Estas pueden ser tres buenas opciones para asegurar lo mejor para nuestro huerto ecológico:

  • Comprar semillas que tengan certificación ecológica.
  • Seleccionar nuestras propias simientes. Se seleccionan las plantas que nos han dado mejores resultados en el cultivo anterior, las más sanas sabrosas y productivas y las que presentan más resistencia a plagas y enfermedades. El proceso de recogida de semillas se realizara de una manera u otra dependiendo de la especie. Será necesario idear maneras de hacerlo que eviten que las semillas sean comidas por los pájaros u otros animales o que se las lleve el viento.
  • Contactar con una red de semillas. Esto consiste en una alianza entre personas en torno al mundo agrícola que intercambian semillas con el objetivo de conservar las variedades de semillas que se han cultivado de manera tradicional, enriqueciéndose así la Biodiversidad agrícola.

Las variedades tradicionales son las que los campesinos han ido seleccionando y traspasando de generación en generación según las necesidades, gustos y sobre todo las peculiaridades del entorno. Normalmente están muy bien adaptadas a las condiciones climáticas y de suelo específicas de cada lugar. Por otra parte han creado resistencia frente a plagas o a falta de nutrientes o a la escasez de agua. Además estas variedades  poseen una cultura en torno a ellas ya que se han cultivado durante varios siglos y son específicas de zonas y pueblos, marcando así una cultura gastronómica y de manejo de suelo.

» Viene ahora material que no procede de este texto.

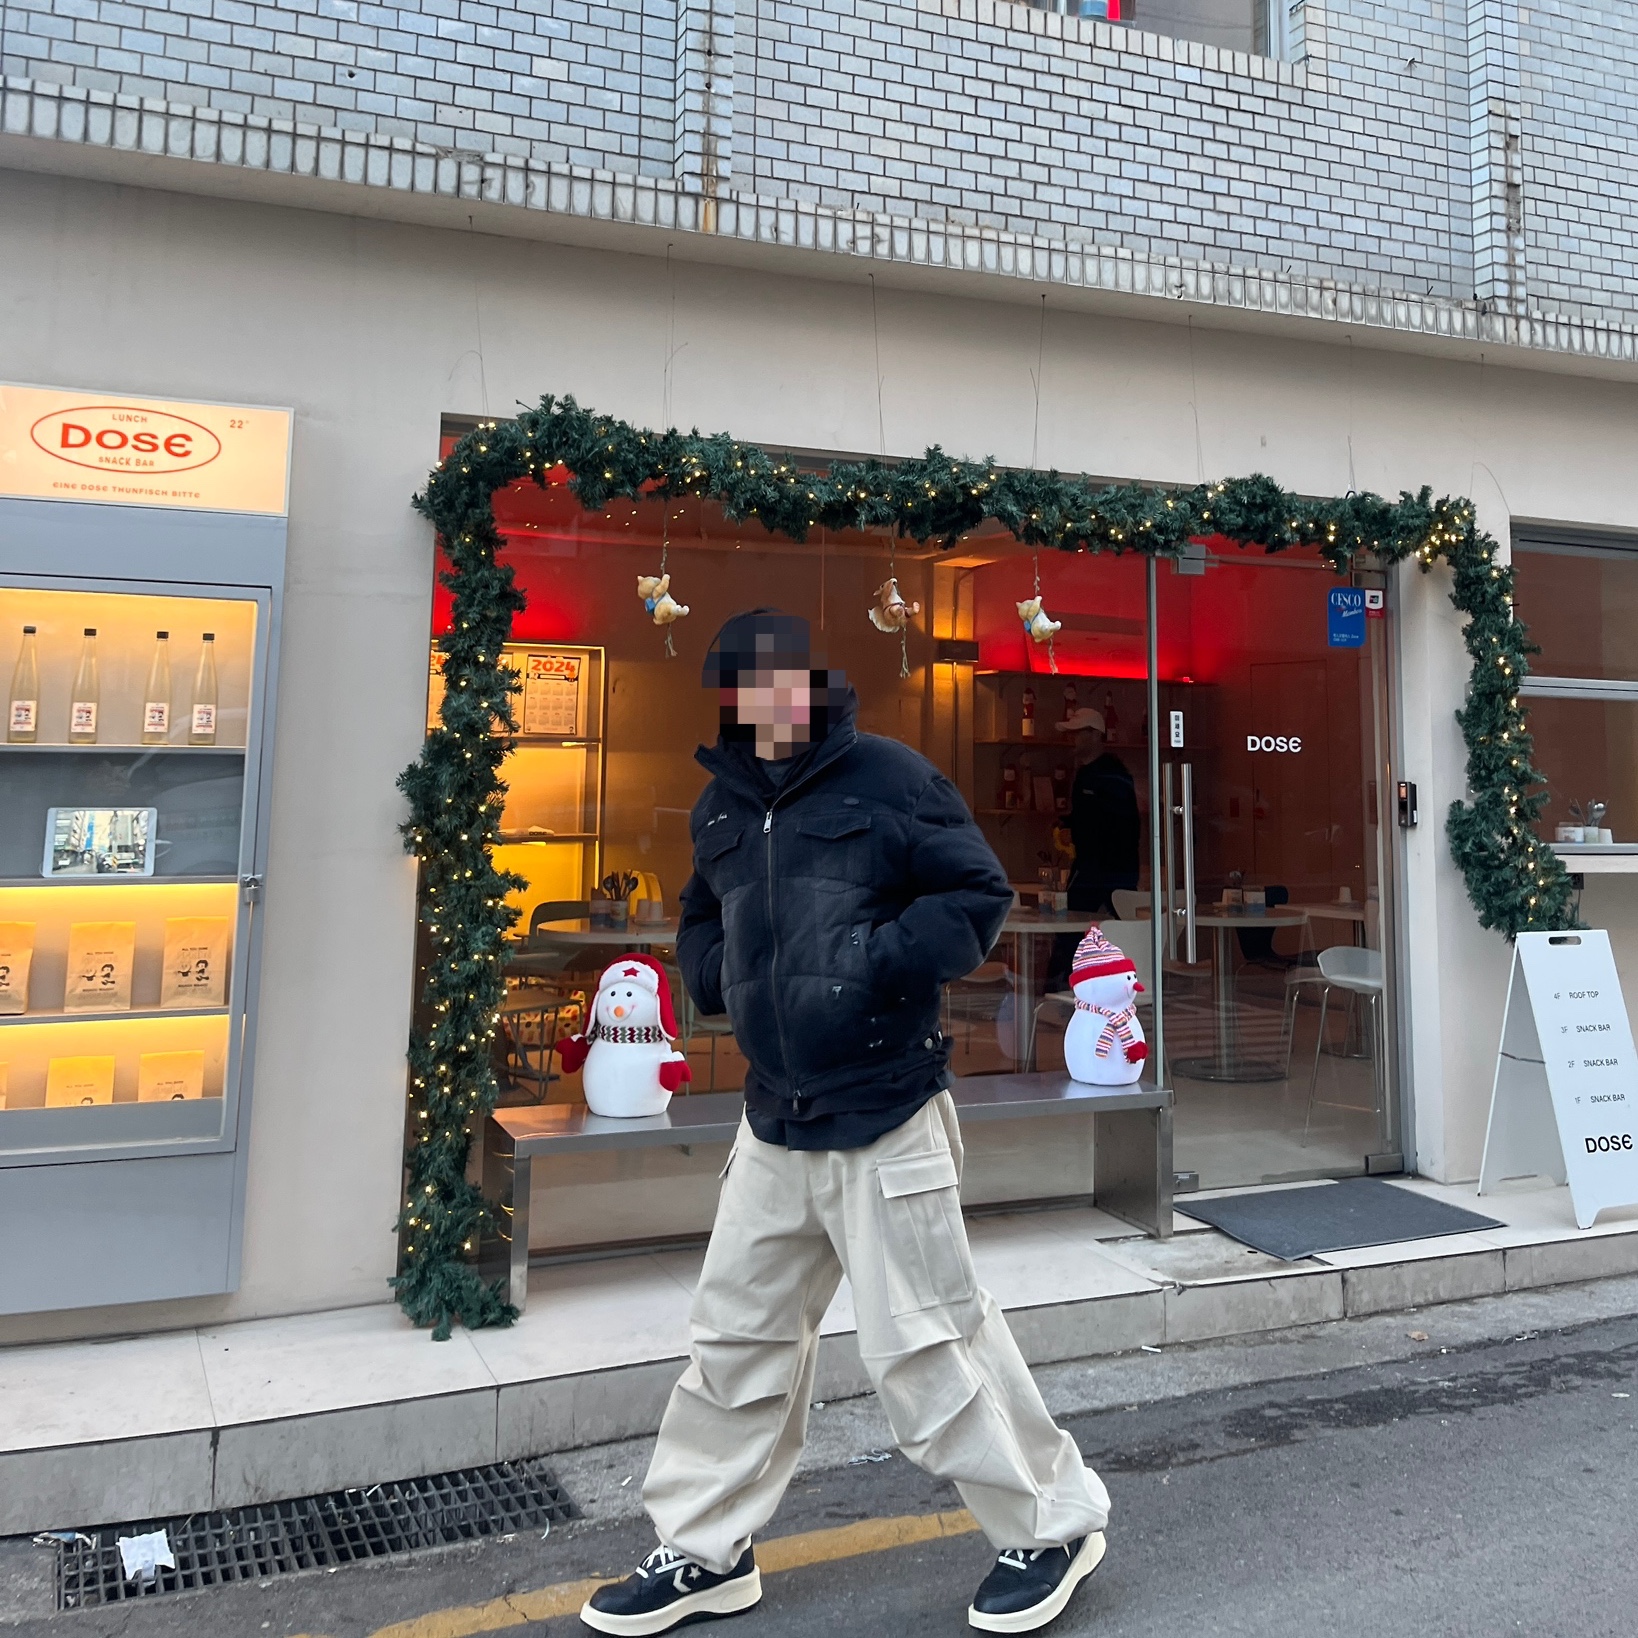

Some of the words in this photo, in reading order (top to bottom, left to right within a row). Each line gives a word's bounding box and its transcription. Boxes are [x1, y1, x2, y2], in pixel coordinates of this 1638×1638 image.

[111, 413, 148, 423] LUNCH
[98, 456, 131, 466] SNACK
[135, 459, 155, 467] BAR
[112, 486, 168, 497] THUNFISCH
[1331, 593, 1361, 607] CESCO
[531, 659, 576, 673] 2024
[1553, 992, 1561, 1000] 4F
[1568, 991, 1586, 999] ROOF
[1586, 990, 1599, 999] TOP
[1560, 1025, 1568, 1034] 3F
[1576, 1025, 1597, 1033] SNACK
[1598, 1024, 1611, 1032] BAR
[1567, 1060, 1575, 1069] 2F
[1583, 1059, 1605, 1068] SNACK
[1605, 1058, 1618, 1066] BAR
[1574, 1096, 1581, 1104] 1F
[1590, 1094, 1612, 1104] SNACK
[1612, 1093, 1625, 1102] BAR
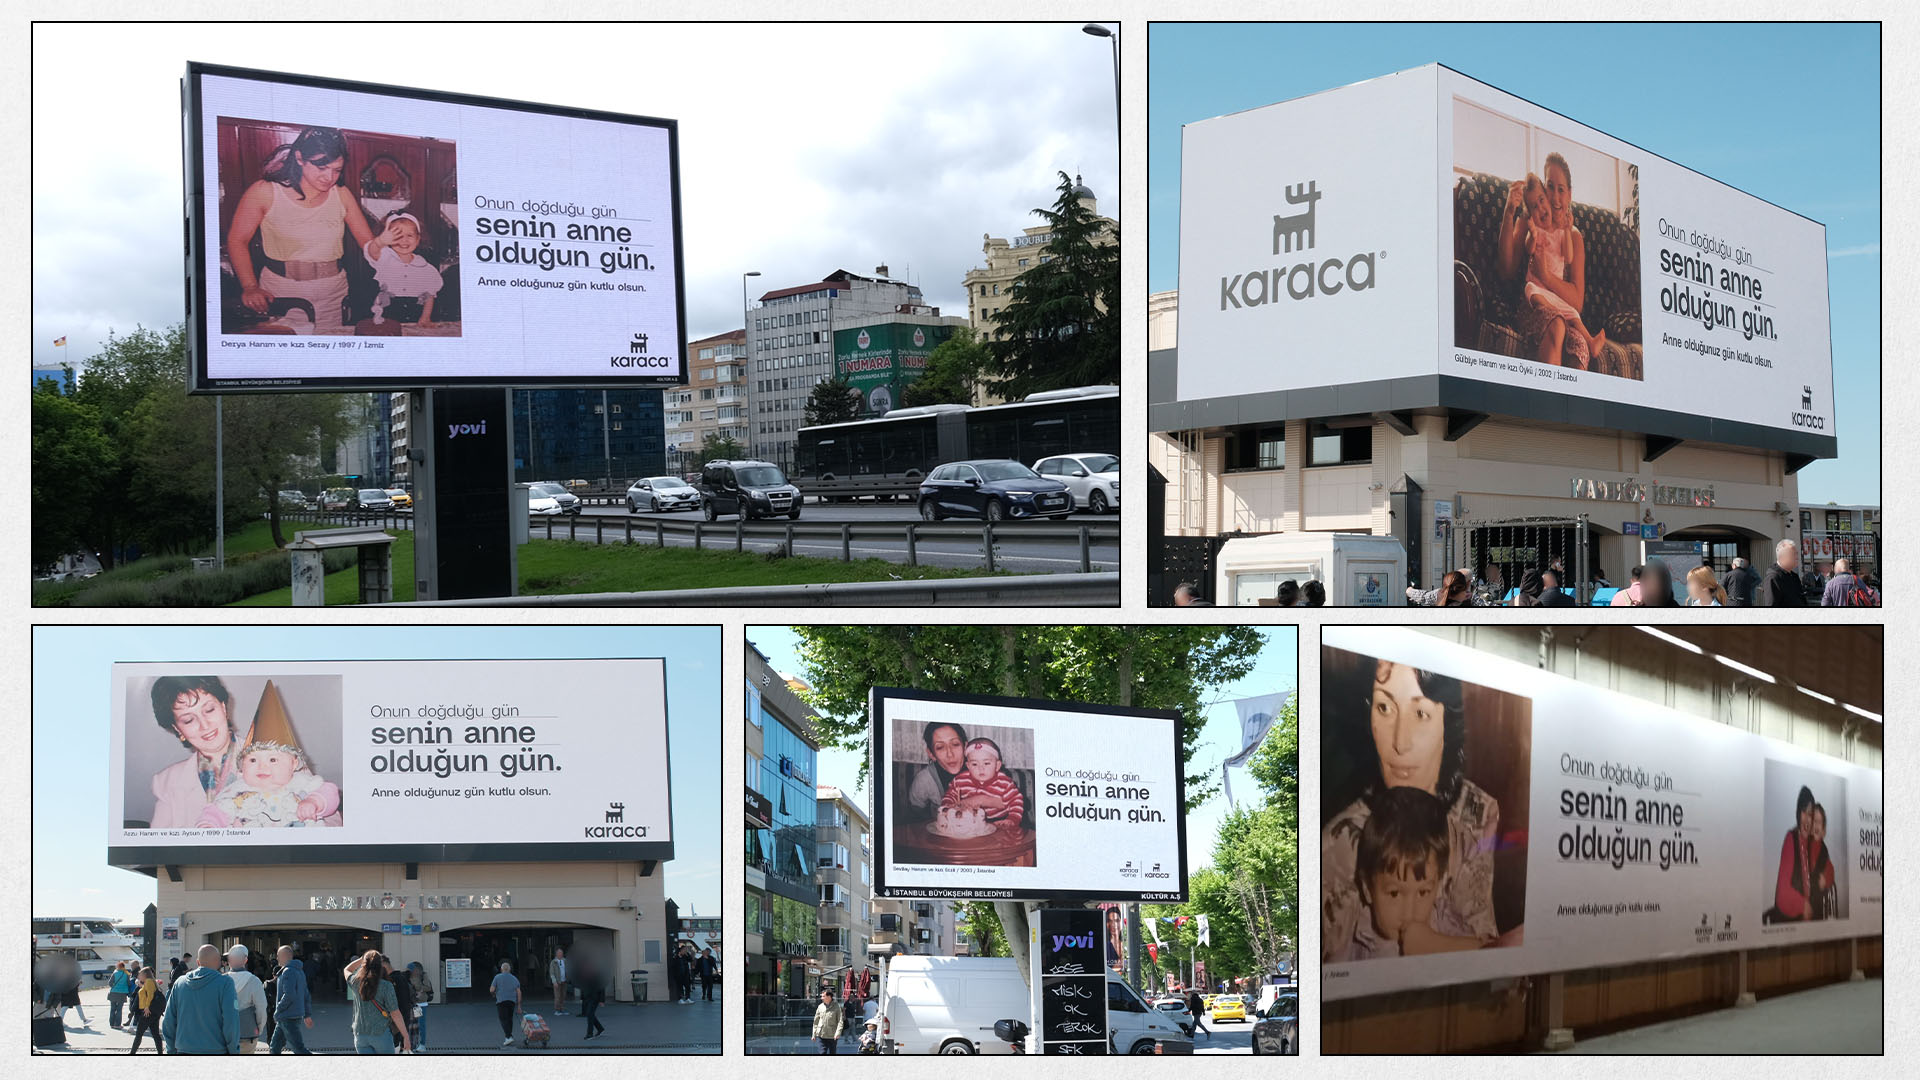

Los motivos por los que es importante rescatar y sacar adelante variedades locales son varios:

  • Están en peligro de extinción, esto conlleva una pérdida de biodiversidad, uno de los mayores problemas ambientales.
  • Estas variedades son muy heterogéneas genéticamente por tanto presentan una gran capacidad de adaptación a los cambios ambientales. Los colores, sabores y aromas que tienen son muy variados, al contrario de la oferta comercial actual que es muy limitada, ofreciendo muy poca variedad, limitándose así la agricultura y la gastronomía.
  • Enriquecen nuestra alimentación, por sus características nutricionales y organolépticas.
  • Estas variedades contribuyen a la soberanía alimentaria, haciéndonos independientes de grandes empresas.
  • En definitiva, forman parte de un patrimonio que hemos heredado y debemos salvaguardar.

En cuanto a la conservación de las semillas, las técnicas y el tiempo de conservación serán diferentes según la especie. Normalmente se conservan bien en un lugar oscuro, seco y fresco y en un recipiente de vidrio. Es importante meter dentro del bote un papel que indique de que especie y variedad se trata. Se puede colocar dentro una bolsita con  gránulos de sílice o un trozo de tiza para absorber la humedad.